7. You can’t sue over an idea.

This is probably the most basic flaw, out of many, in the lawsuit and the main reason none of these ridiculous arguments will ever even be considered: There is no law to challenge.

The plaintiffs are claiming that Mormon landlords MAY have their constitutional rights infringed upon IF the initiative passes. But the courts don’t deal in that kind of pie-in-the-sky hypothetical.

This case isn’t even ripe to be considered by a judge until the initiative passes, the state takes steps to implement it, and then some landlord is somehow damaged by the enforcement of the law.

Filing a lawsuit now over potential harm at some future date would be akin to filing a lawsuit to block a bill a legislator introduces before it even is voted on. It’s not how the system works.

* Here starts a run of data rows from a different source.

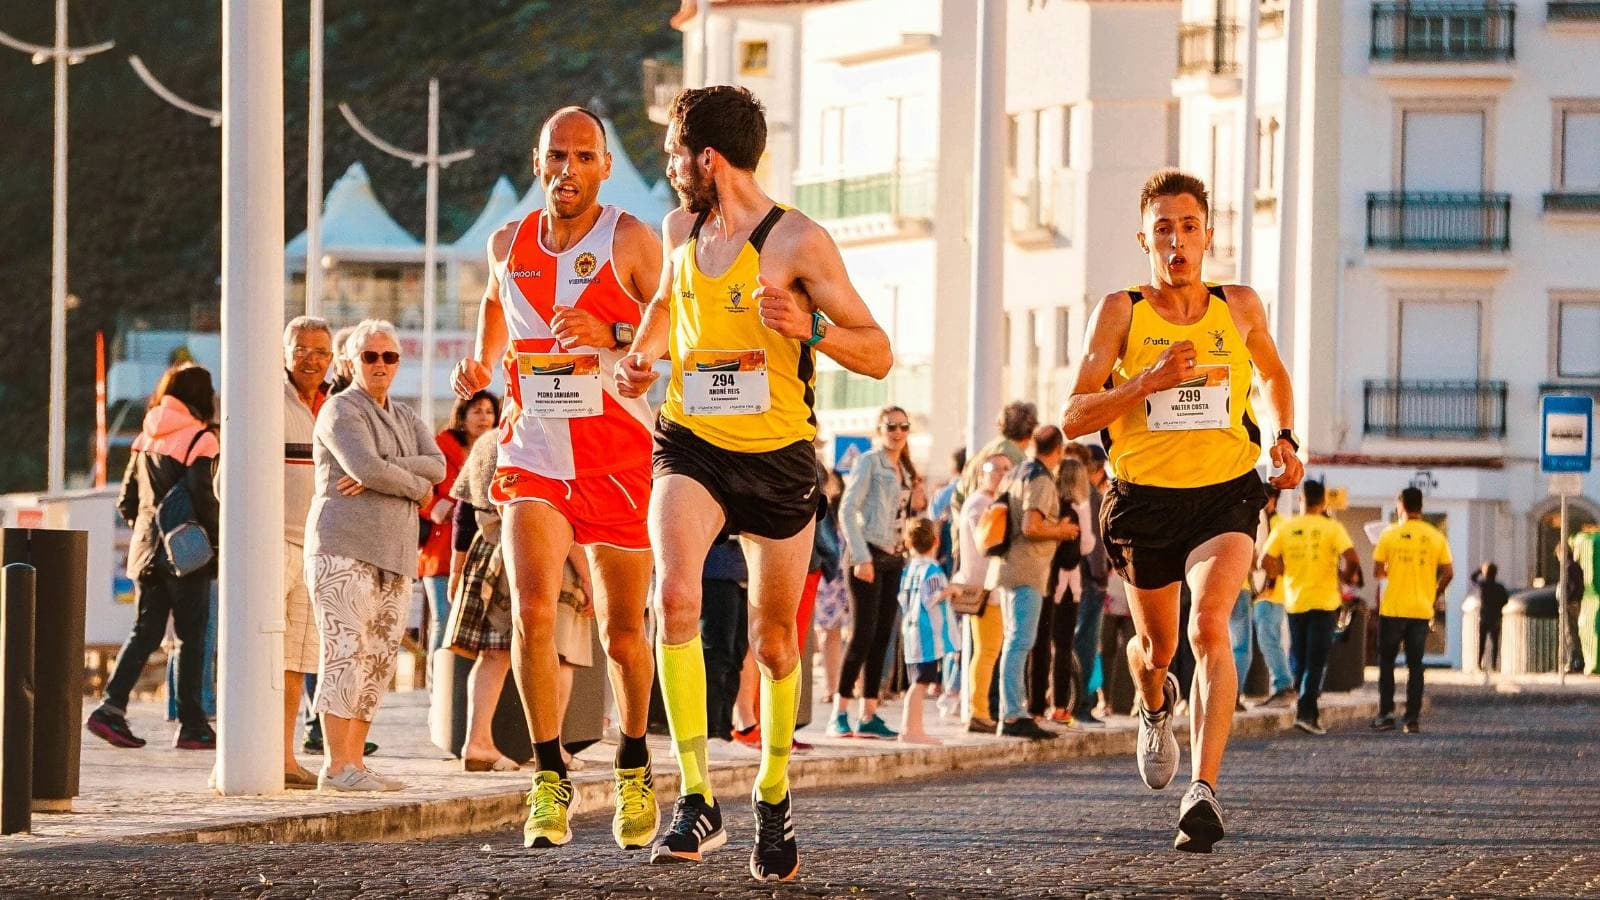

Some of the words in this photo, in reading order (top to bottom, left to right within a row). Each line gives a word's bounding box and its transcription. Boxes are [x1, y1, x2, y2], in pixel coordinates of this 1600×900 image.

[553, 377, 560, 390] 2
[712, 373, 735, 387] 294
[554, 390, 580, 398] JANUÁRIO
[709, 387, 726, 395] ANDRÉ
[1178, 389, 1201, 402] 299
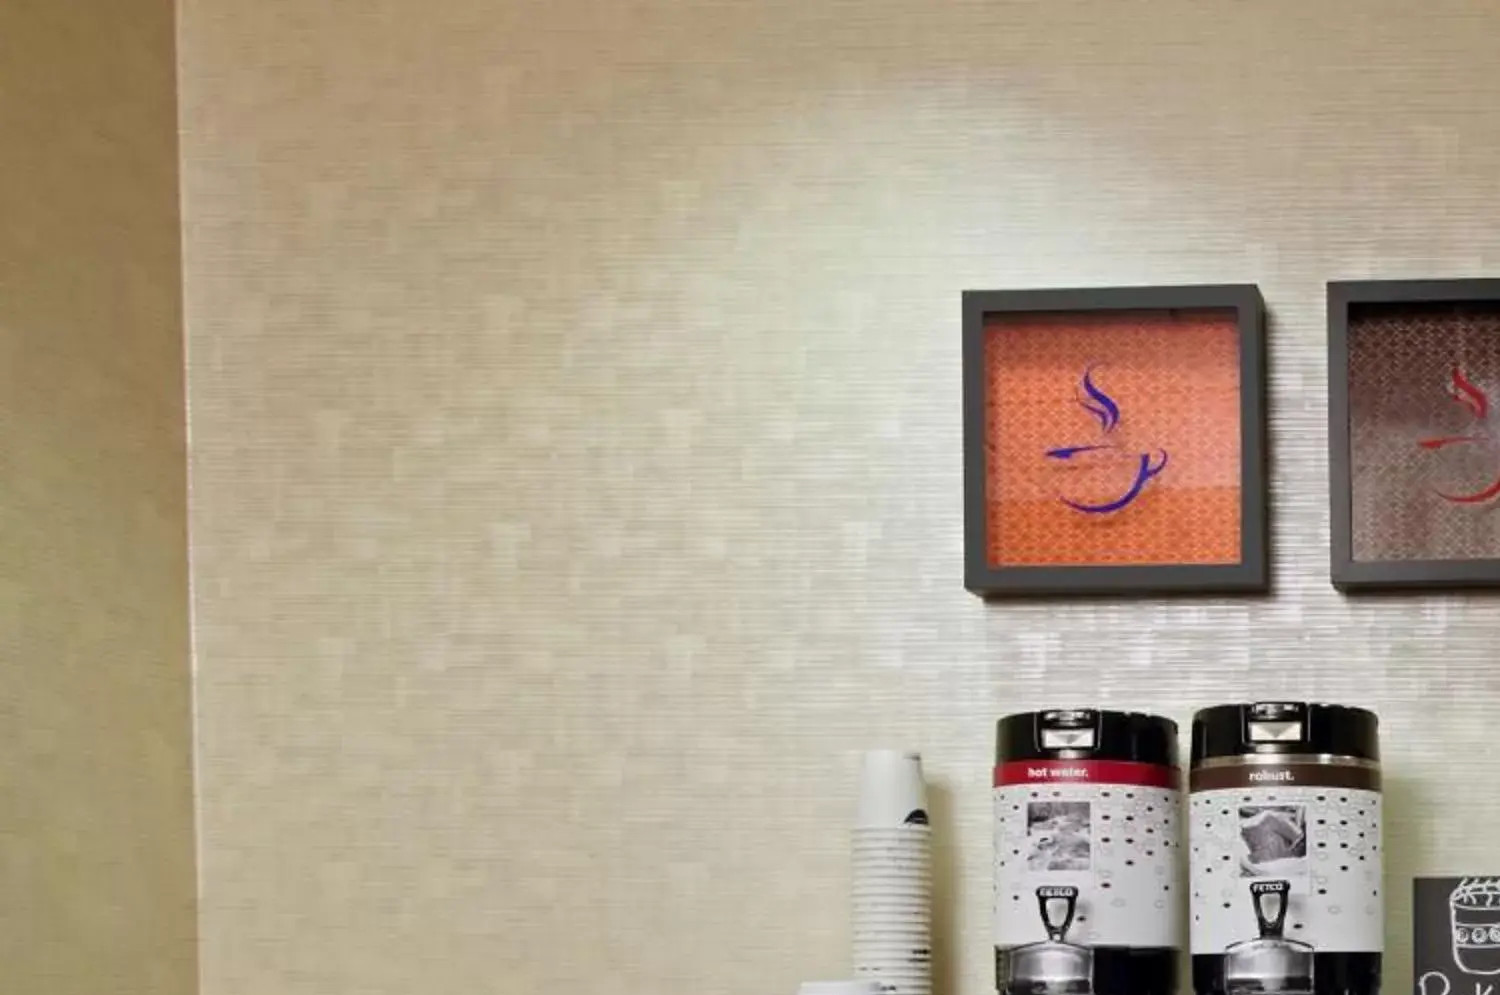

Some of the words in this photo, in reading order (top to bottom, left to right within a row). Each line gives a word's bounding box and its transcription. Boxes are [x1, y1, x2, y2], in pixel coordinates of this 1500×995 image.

[1027, 767, 1048, 778] hot
[1248, 769, 1295, 782] robust.
[1252, 882, 1284, 893] FETCO

Lionel Hutz, the inept lawyer from The Simpsons, set the standard for making horrible legal arguments.

I kind of feel bad for the poor assistant attorney general who has to take an afternoon writing a motion to dismiss this nonsense. But hey, feel free to copy and paste. I don’t mind.

If the best these medical cannabis opponents can come up with is this Lionel Hutz-worthy lawsuit, then things are looking good for the ballot initiative. But I suspect there is a more legitimate and well-funded opposition movement being organized and we’ll see many more attacks between now and November.

Correction: An earlier version of this story mistakenly said that the Supreme Court had remanded the Masterpiece Cake Shop case to a lower court. In fact, it reversed the lower court's ruling.